Общие судьбы связали наши культуры, наши представления о жизни, быте, красоте. В былинах главными городами русской земли остаются Киев, Чернигов, Муром, Карела… И о многом другом помнил и помнит народ в былинах и исторических песнях. В сердце своем хранит красоту, над местной — еще какую-то надместную, высокую, единую… И эти «идеи красоты» и духовной высоты — общие при всей многоверстой разобщенности. Да, разобщенности, но всегда взывавшей к соединению. А возникло это ощущение единства давно. Ведь в самой легенде о призвании трех братьев-варягов сказалось представление, как я давно доказываю, о братстве племен, ведших свои княжеские роды от родоначальников-братьев. Да и кто призывал, по летописной легенде, варягов: русь, чудь (предки будущих эстонцев), словене, кривичи и весь (вепсы) — племена славянские и угро-финские, следовательно, согласно представлениям летописца XI в., эти племена жили единой жизнью, были между собой связаны. А как ходили походами на Царьград? Опять-таки союзами племен. По летописному рассказу, Олег взял с собою в поход множество варягов, и словен, и чуди, и кривичей, и мерю, и древлян, и радимичей, и полян, и северцев, и вятичей, и хорватов, и дулебов, и тиверцев…
Русская земля, или, вернее, земля «Русьская», то есть вся с будущей Украиной, Белоруссией и Великороссией была сравнительно слабо населена. Население страдало от этой вынужденной разобщенности, селилось преимущественно по торговым путям — рекам, селилось деревнями, и все же не такими уж большими, боялось окружающей неизвестности. Враги приходили «из невести», степь была «страной незнаемой», западные соседи — «немцы», то есть народы «немые», говорящие на незнакомых языках. Поэтому среди лесов, болот и степей люди стремились утвердить свое существование, подать знак о себе высокими строениями церквей, как маяками, ставившимися на излучинах рек, на берегу озер, просто на холмах, чтоб их видно было издали.

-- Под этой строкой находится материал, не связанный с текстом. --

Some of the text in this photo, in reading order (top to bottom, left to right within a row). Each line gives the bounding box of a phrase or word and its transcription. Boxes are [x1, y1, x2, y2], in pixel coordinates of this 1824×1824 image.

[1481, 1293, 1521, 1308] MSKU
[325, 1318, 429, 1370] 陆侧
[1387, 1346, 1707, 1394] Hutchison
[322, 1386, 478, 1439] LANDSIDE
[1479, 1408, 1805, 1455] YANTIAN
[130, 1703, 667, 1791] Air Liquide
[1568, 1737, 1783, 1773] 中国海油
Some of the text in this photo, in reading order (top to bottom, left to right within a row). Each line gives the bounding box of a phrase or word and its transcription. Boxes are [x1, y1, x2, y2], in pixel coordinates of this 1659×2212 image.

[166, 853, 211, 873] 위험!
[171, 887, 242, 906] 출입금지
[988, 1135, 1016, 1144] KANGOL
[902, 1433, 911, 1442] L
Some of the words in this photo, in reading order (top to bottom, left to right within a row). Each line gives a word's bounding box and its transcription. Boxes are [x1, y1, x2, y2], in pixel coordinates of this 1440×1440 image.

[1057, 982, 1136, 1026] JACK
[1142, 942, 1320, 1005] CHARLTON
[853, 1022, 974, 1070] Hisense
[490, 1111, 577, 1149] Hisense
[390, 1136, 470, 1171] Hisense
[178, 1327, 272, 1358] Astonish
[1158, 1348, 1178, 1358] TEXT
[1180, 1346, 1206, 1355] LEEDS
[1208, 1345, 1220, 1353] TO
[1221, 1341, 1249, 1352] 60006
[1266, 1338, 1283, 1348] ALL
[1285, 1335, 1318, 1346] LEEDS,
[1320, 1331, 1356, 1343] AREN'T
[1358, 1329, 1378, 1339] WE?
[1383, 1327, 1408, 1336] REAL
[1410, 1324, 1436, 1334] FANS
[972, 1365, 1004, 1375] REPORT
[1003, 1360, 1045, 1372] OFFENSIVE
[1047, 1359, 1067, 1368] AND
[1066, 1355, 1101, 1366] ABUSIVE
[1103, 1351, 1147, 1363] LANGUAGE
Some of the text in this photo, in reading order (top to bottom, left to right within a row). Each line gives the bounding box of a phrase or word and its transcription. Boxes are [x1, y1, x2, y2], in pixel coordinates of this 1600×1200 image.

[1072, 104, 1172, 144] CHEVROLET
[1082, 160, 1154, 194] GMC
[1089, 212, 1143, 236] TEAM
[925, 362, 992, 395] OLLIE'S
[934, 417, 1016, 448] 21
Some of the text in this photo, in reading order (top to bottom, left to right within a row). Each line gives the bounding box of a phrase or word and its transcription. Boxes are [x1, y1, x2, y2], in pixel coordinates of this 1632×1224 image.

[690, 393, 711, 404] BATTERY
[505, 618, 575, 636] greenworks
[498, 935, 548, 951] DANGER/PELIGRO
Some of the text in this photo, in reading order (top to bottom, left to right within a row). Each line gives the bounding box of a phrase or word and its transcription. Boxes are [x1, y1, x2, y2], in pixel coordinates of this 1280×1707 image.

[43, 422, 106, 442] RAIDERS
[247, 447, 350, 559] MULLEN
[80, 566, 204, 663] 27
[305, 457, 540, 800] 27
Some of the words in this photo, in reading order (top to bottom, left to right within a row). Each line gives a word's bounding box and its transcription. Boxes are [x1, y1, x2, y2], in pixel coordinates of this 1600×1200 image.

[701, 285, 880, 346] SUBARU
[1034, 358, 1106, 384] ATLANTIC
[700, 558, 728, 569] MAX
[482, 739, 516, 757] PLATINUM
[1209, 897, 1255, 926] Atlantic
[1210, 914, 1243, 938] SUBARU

Нигде в мире нет такой любви к сверкающим золотом, издали видным куполам и маковкам церквей, к рассчитанному на широкие просторы «голосоведению», к хоровому пению, к ярким краскам, контрастным зеленому цвету и выделяющимся на фоне белых снегов чистым цветам народного искусства. «Цветам», то есть раскраскам цветов. Цветам, взятым из природы, согласующимся с ней, а вместе с тем и выделяющимся.
И до сих пор, когда я увижу золотую главку церкви или золотой шпиль Адмиралтейства, освещающий собой весь Невский, золотой шпиль Петропавловской крепости — меч, защищающий город, — сердце мое сжимается от сладкого чувства восторга. Золотое пламя церкви или золотое пламя свечи — это символы духовности. «Свеча бы не угасла» — так писали в своих завещаниях московские князья, заботясь о целостности Русской земли.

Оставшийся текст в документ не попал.